Created attachment 416180 [details] [diff] [review] Fix As I explained in the comments to my original patch for bug 509130 (https://bugzilla.mozilla.org/attachment.cgi?id=409942), that patch got around the WebKit bug by always loading the WebKit framework and calling WebInitForCarbon() as the browser starts up. This is the only way to control the number of autorelease pools on the stack when WebInitForCarbon() is first called -- which (at the time) I thought was the only way to disable the WebKit behavior that triggers the crashes. Since then I've discovered a way to hook C/C++ functions, which allows us to write a much better (and more narrowly targeted) patch -- one that only does anything if the plugin loads the WebKit framework and calls WebInitForCarbon(). No longer always calling WebInitForCarbon() ourselves should greatly reduce the frequency of this bug's crashes, or even make them go away completely. The remaining crashes (if any) will (presumably) be something a plugin vendor has to deal with, and are likely also to happen in Safari.
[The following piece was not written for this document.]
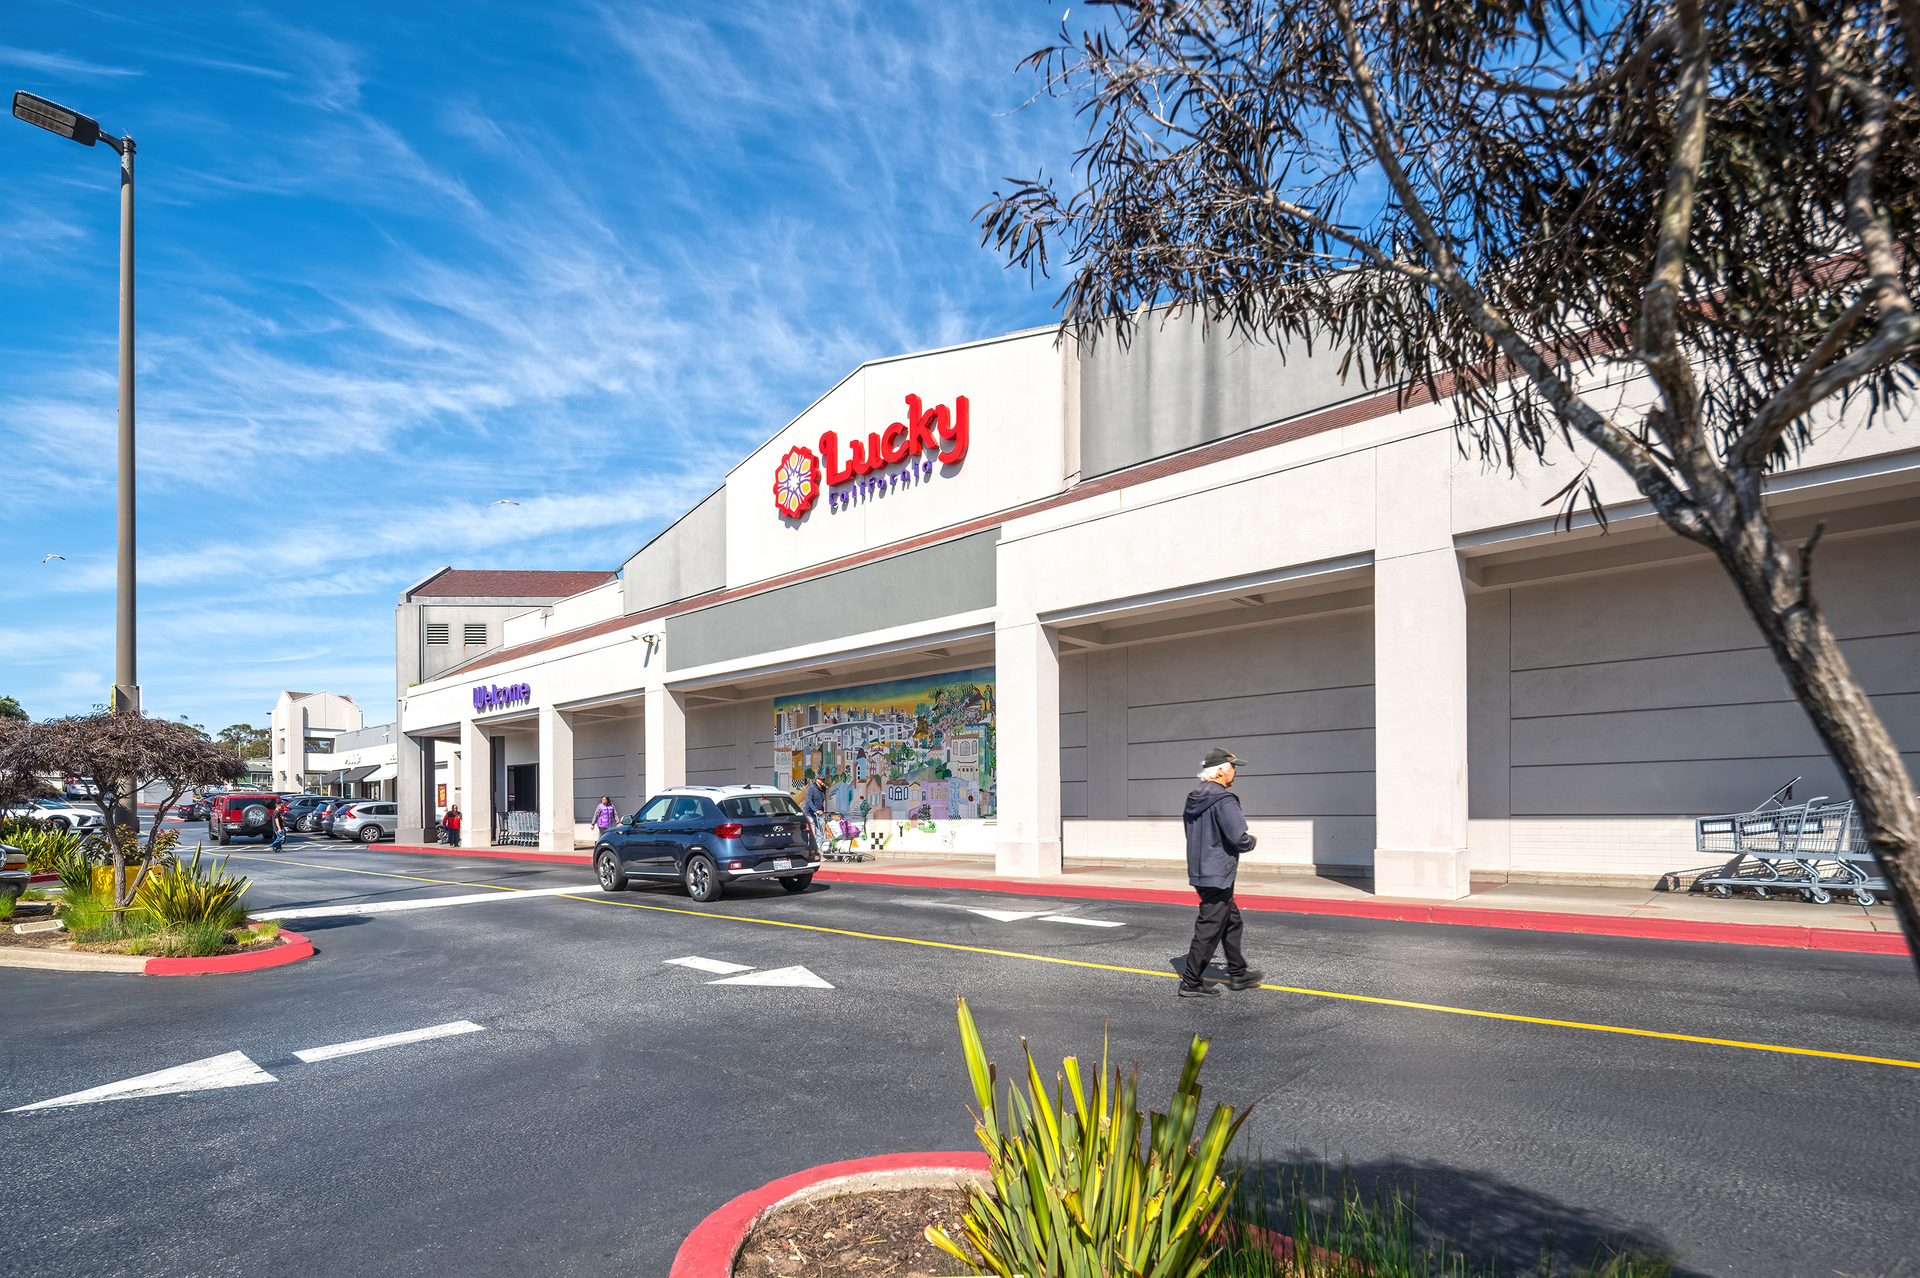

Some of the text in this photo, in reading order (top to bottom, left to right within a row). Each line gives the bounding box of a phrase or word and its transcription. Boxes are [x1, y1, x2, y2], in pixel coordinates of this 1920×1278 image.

My new patch hooks WebInitForCarbon() and HIToolbox's InstallEventLoopIdleTimer() (the latter is what WebInitForCarbon() calls to install an idle timer, from which WebKit's buggy PoolCleaner() method is called). It makes InstallEventLoopIdleTimer() return without doing anything when called from WebInitForCarbon(), which stops the idle timer from being installed, which prevents calls to PoolCleaner(). The technique I use to hook C/C++ functions is brand new. Though (as I say in my patch's comments) the individual steps are mostly documented by Apple, I don't think anyone else has documented (or is using) the whole thing. It's worked well in all my tests, and I'm very confident in it. But we should let this patch bake for a while on the trunk before landing it on any of the branches. This means it won't make it into FF 3.6. But I hope that (if no unfixable problems are discovered) we can get it into FF 3.6.1. A tryserver build will follow in a few hours.
Side note: The reason I've wrapped my patch in an #ifndef __LP64__ macro is that it won't work in 64-bit builds in its current state: ScanImportedFunctions() currently only works on 32-bit Intel and PPC builds. But it shouldn't be hard to rewrite it also to work in 64-bit builds. I've just postponed doing the work (and the testing) until I'm more comfortable playing with our 64-bit builds.
Since the DivXBrowserPlugin is currently the only plugin that uses WebKit in Carbon mode, you'll need to use it to test my patch. The current version (7.1 or 7.2) is available at: http://www.divx.com/en/downloads/divx/mac Here's a URL to test with (once the tryserver build is available). It loads a DivX video. http://www.divx.com/en/downloads/post-install/mac This URL is much better to test with than the one Marcia and I used at bug 509130 (see bug 509130 comment #15). You can find other URLs by doing a Google search for "No video? Get the DivX Web Player" (this was suggested to me in email by Paul Ellis, the DivX Web Player's Product Manager). Since neither this bug's nor bug 509130's crashes are reproducible, you won't be able to test them. One thing you *can* test is to run the tryserver build in gdb and confirm that IdleTimerVector() never gets called, even after a DivX video is loaded. I used a custom mozconfig to stop the tryserver build's symbols from being stripped.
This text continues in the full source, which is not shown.